Check your firewall firmware against the official NVD database. Personalized to the vendors we support in ZeroConf.

1. Vendor

CVE & CVSS — quick reference

What is a CVE?

A CVE (Common Vulnerabilities and Exposures) is a public identifier assigned to a specific security flaw in a product. Each CVE gets a description, references, and one or more CVSS scores that quantify exploitability and impact. The NVD (National Vulnerability Database, maintained by NIST) is the authoritative source of CVE data.

How should I read the CVSS score?

CVSS v3 base score runs 0.0–10.0. Critical = 9.0–10.0 (treat as P0; patch within 48h). High = 7.0–8.9 (P1; patch in next maintenance window). Medium = 4.0–6.9 (P2; plan it). Low = 0.1–3.9 (track). Always factor in environmental context: a critical CVE on an internet-facing management interface is far more urgent than the same CVE on a fully air-gapped lab device.
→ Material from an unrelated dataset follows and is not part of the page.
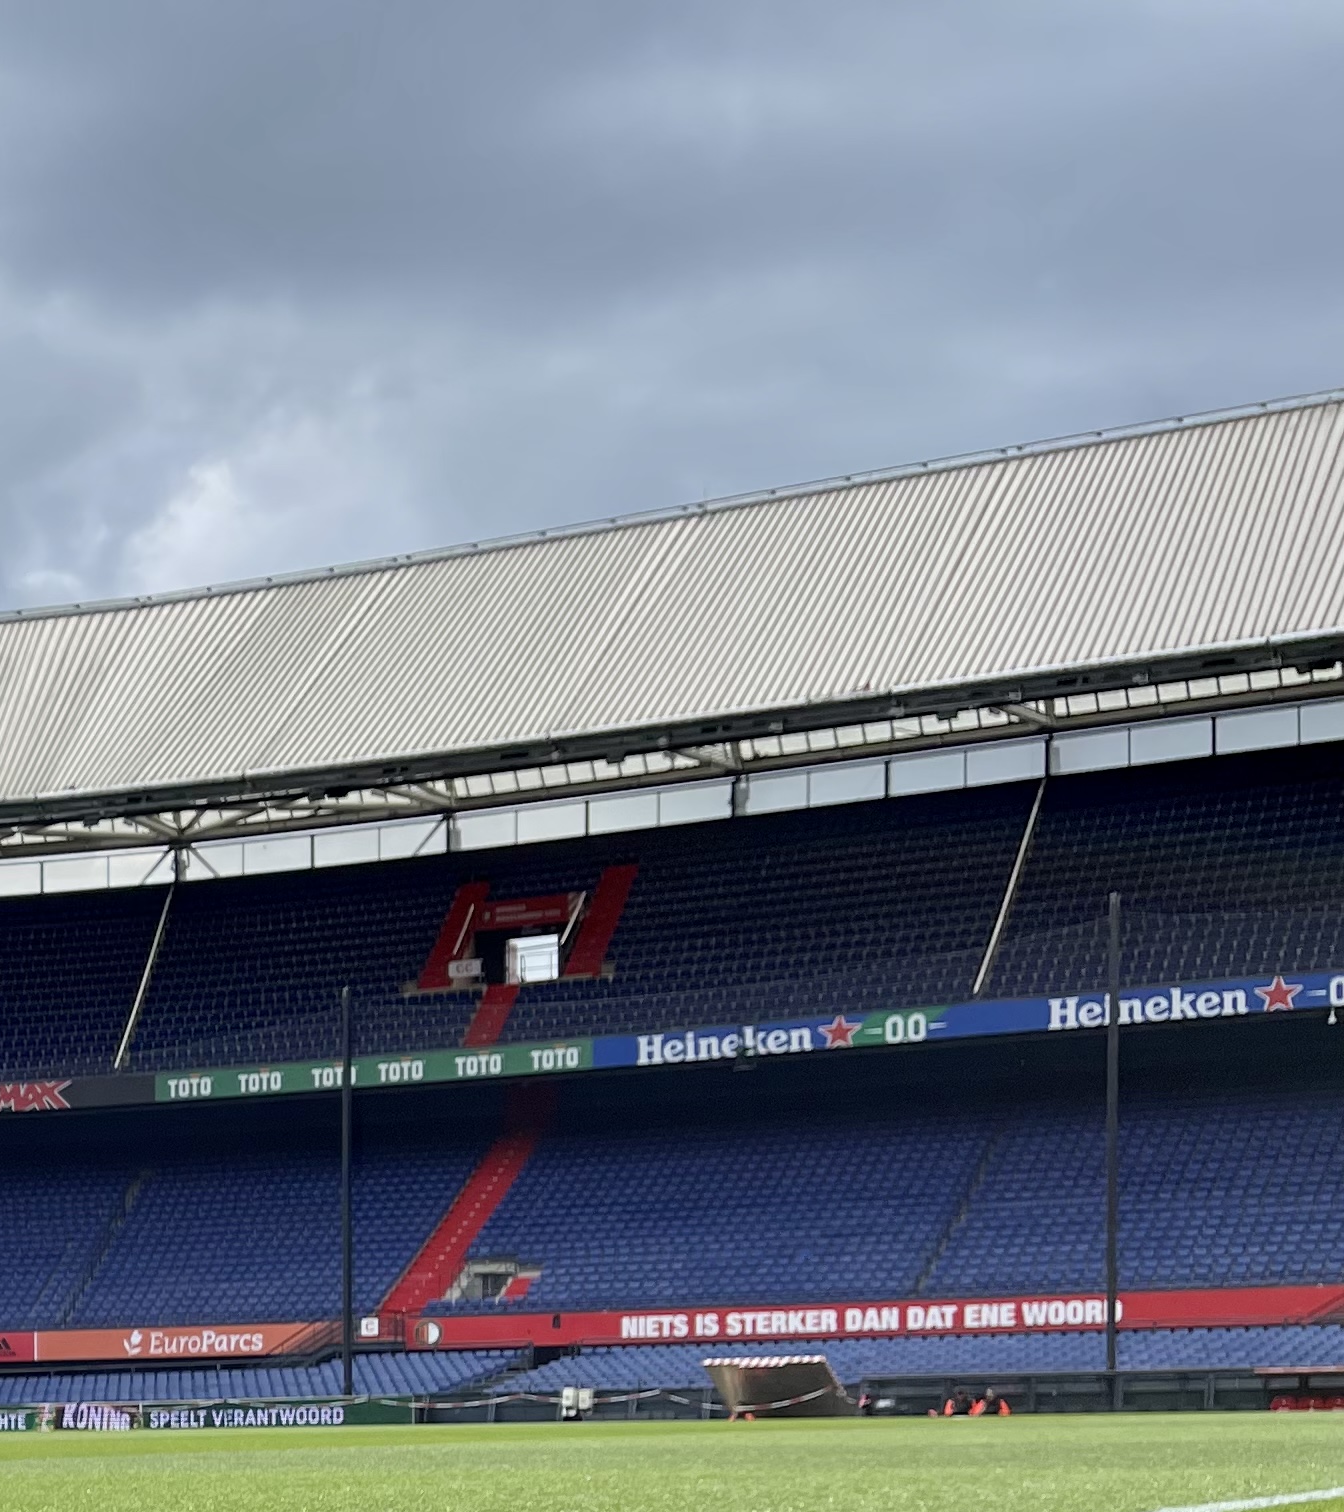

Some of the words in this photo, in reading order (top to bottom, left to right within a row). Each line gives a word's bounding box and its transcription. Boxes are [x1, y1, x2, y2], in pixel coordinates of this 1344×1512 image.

Why do I sometimes see "0 known CVEs"?

Three reasons: (1) the firmware version is so new the research community hasn't published CVEs yet — keep watching the vendor advisory feed; (2) the CPE string we generate doesn't match exactly (vendor naming quirks happen); (3) the version is truly clean. If you're on a long-term-support build with active maintenance, "0" is good news.